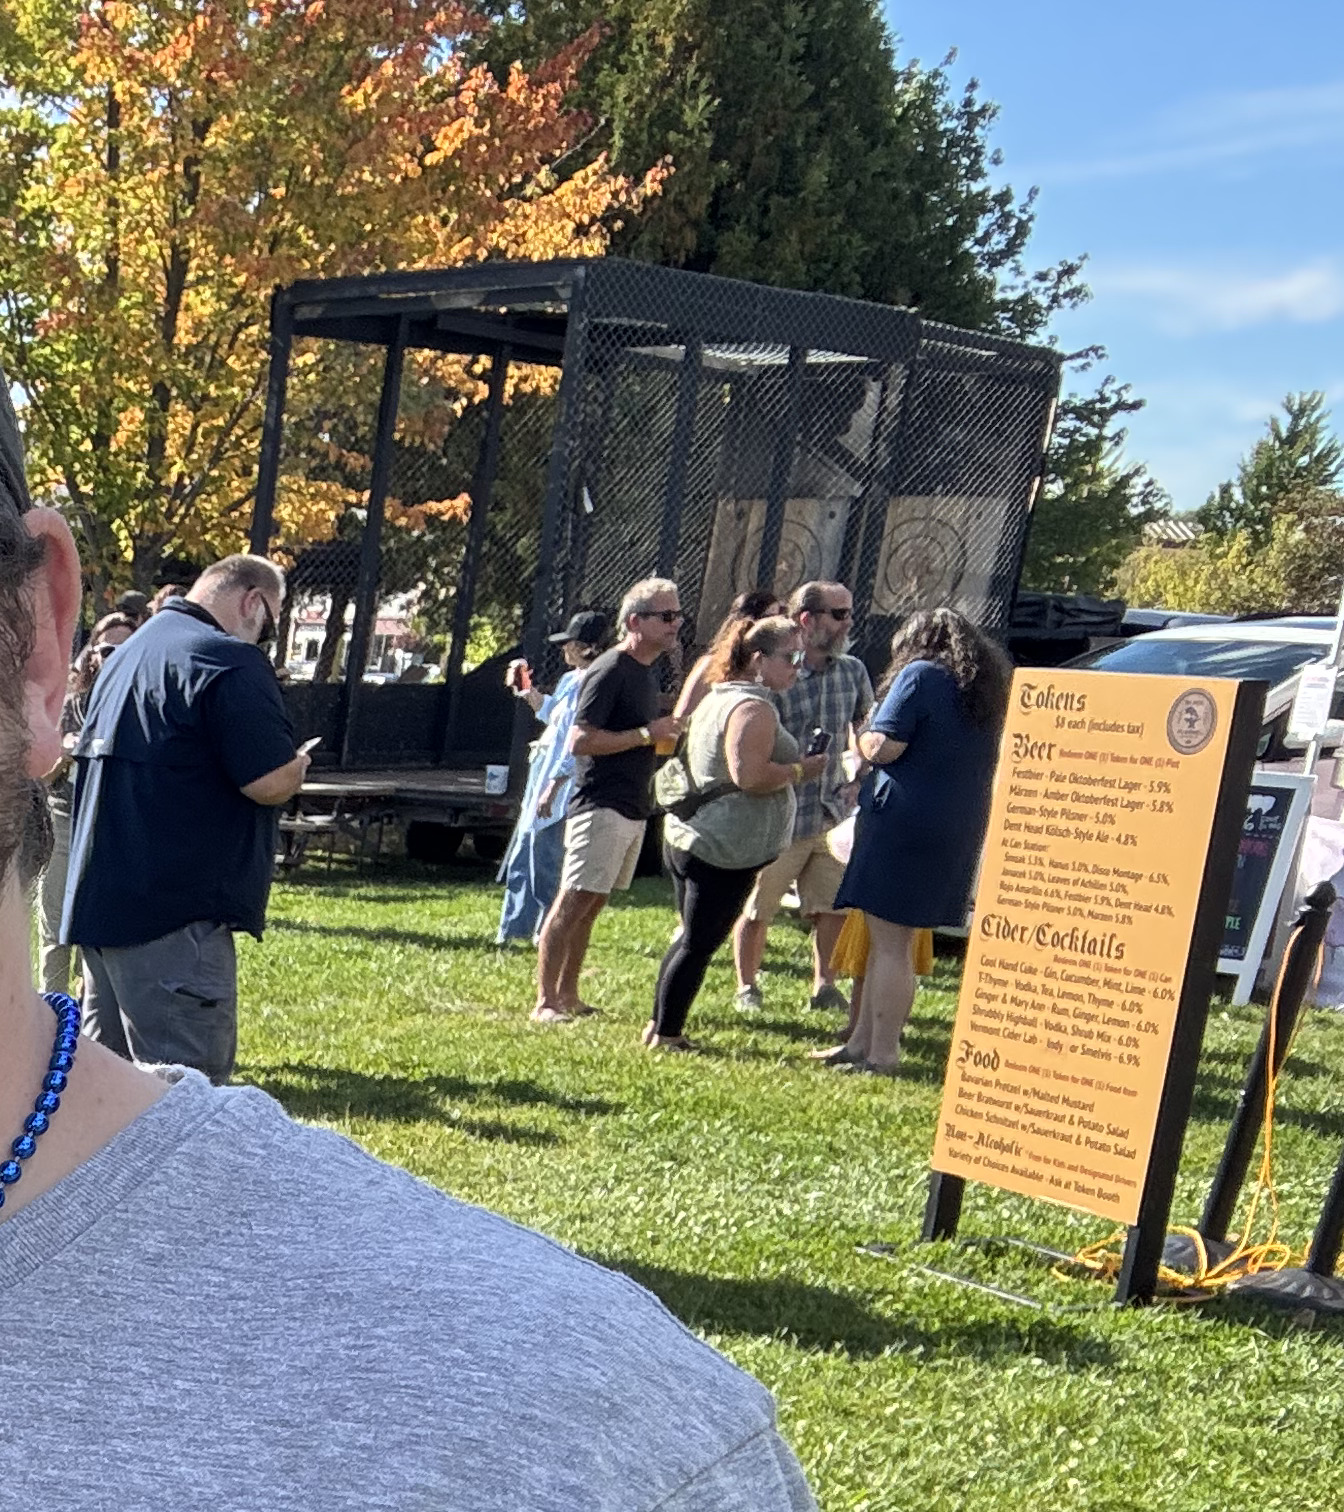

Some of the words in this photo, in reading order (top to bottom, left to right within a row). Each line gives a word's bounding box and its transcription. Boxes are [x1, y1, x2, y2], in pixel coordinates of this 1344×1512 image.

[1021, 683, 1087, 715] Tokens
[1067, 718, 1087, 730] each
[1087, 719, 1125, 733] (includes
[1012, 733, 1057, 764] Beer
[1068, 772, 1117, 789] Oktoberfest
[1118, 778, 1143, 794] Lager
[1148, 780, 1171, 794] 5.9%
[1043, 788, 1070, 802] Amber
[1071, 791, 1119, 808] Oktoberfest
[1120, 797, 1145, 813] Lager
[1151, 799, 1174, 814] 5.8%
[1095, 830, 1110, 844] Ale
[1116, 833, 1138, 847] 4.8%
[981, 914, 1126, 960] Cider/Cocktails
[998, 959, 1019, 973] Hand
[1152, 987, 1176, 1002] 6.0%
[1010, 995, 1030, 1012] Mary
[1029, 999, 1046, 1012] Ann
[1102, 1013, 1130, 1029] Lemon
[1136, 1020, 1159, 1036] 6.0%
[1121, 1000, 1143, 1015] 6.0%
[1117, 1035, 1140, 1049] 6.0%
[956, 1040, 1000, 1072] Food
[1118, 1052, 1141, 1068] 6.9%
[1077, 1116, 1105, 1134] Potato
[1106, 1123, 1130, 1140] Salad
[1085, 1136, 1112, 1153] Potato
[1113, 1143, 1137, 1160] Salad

(TASK) What is needed is the full material, retyped unchanged, with no pictures in it.

(REPLY)
Some of the words in this photo, in reading order (top to bottom, left to right within a row). Each line gives a word's bounding box and its transcription. Boxes are [x1, y1, x2, y2], in pixel coordinates of this 1344×1512 image.

[1021, 683, 1087, 715] Tokens
[1067, 718, 1087, 730] each
[1087, 719, 1125, 733] (includes
[1012, 733, 1057, 764] Beer
[1068, 772, 1117, 789] Oktoberfest
[1118, 778, 1143, 794] Lager
[1148, 780, 1171, 794] 5.9%
[1043, 788, 1070, 802] Amber
[1071, 791, 1119, 808] Oktoberfest
[1120, 797, 1145, 813] Lager
[1151, 799, 1174, 814] 5.8%
[1095, 830, 1110, 844] Ale
[1116, 833, 1138, 847] 4.8%
[981, 914, 1126, 960] Cider/Cocktails
[998, 959, 1019, 973] Hand
[1152, 987, 1176, 1002] 6.0%
[1010, 995, 1030, 1012] Mary
[1029, 999, 1046, 1012] Ann
[1102, 1013, 1130, 1029] Lemon
[1136, 1020, 1159, 1036] 6.0%
[1121, 1000, 1143, 1015] 6.0%
[1117, 1035, 1140, 1049] 6.0%
[956, 1040, 1000, 1072] Food
[1118, 1052, 1141, 1068] 6.9%
[1077, 1116, 1105, 1134] Potato
[1106, 1123, 1130, 1140] Salad
[1085, 1136, 1112, 1153] Potato
[1113, 1143, 1137, 1160] Salad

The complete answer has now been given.